Священномученик архиепископ Илларион (Троицкий)[2].
Для истинной философии всегда есть радостная надежда сделать то великое дело, которое сделали евангельские волхвы. Не философом творится истина… Но может философ, если он верен пути своему, увидать звезду на Востоке – прийти поклониться Истине, родившейся, рождающейся и имеющей родиться в мире, и прийти не с пустыми руками, а с дарами: с золотом своей верности, с смирной своих созерцаний и с благоухающим ладаном своих вселенских надежд и чаяний.
В. Ф. Эрн. «Борьба за Логос». 1911.[3]
Сущность философского познания парадоксальна: она может сказать нечто о всеобщем только потому, что её высказывания всегда индивидуальны и в своей индивидуальности почти несовместимы друг с другом. Всеобщее раскрывается только через противоречия, антиномии и вообще через трагические «контрасты жития» (В. В. Розанов), которые в принципе невозможно привести в единую и непротиворечивую систему. Всякое создание подобных «систем» – это бегство от философии, которое может казаться её завершением. Гегель, считая свою «систему» завершением всей философии как таковой, был прав в том смысле, что после всякой «системы» философию нужно начинать заново. После Фомы Аквинского неизбежно приходит Декарт, а после Гегеля – Шопенгауэр и Ницше, – но первые сами задали необходимость последних.

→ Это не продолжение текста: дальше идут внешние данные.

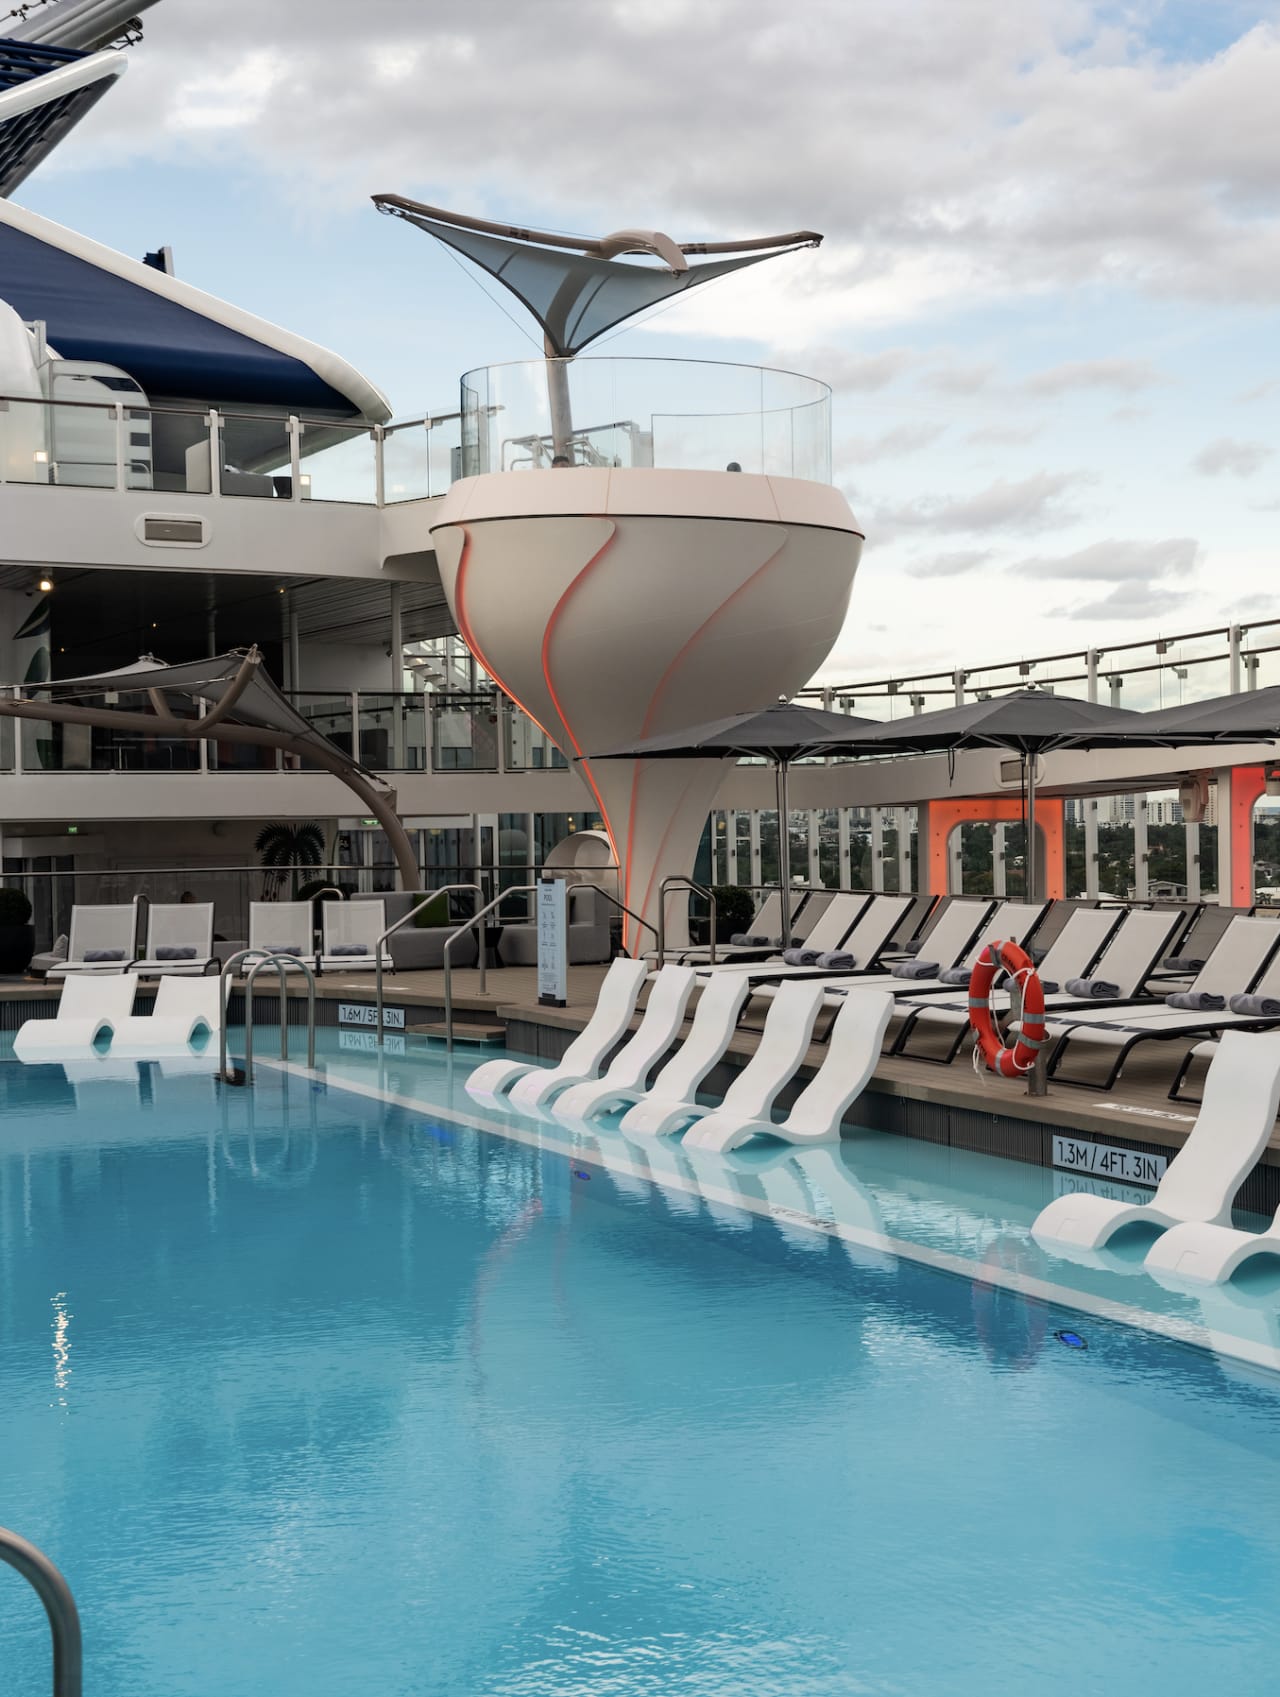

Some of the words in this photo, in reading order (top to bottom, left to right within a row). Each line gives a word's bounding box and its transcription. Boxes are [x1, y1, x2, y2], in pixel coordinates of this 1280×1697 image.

Существование любой философской «системы» – в ее имманентном самоотрицании, которое неизбежно будет осуществлено теми, кто придет после. И создание «системы», и ее «остранение» (В. Б. Шкловский) – это «две стороны одной медали», это двуединый путь – к постижению того предельного «предмета мысли», которым созидается философия как особый вид человеческой деятельности, как особое состояние сознания и особое нравственное усилие человека над самим собой. Философия – это мирская аскеза ума, борющегося со своей ограниченностью и устремленного к Непостижимому. Именно в таком ракурсе в первую очередь и предстает философия с точки зрения антропологии – то есть как «антропогенный», человекосозидающий феномен, возникающий в культуре как специфический ответ на неспецифическую, т. е. всеобщую человеческую потребность в самосозидании.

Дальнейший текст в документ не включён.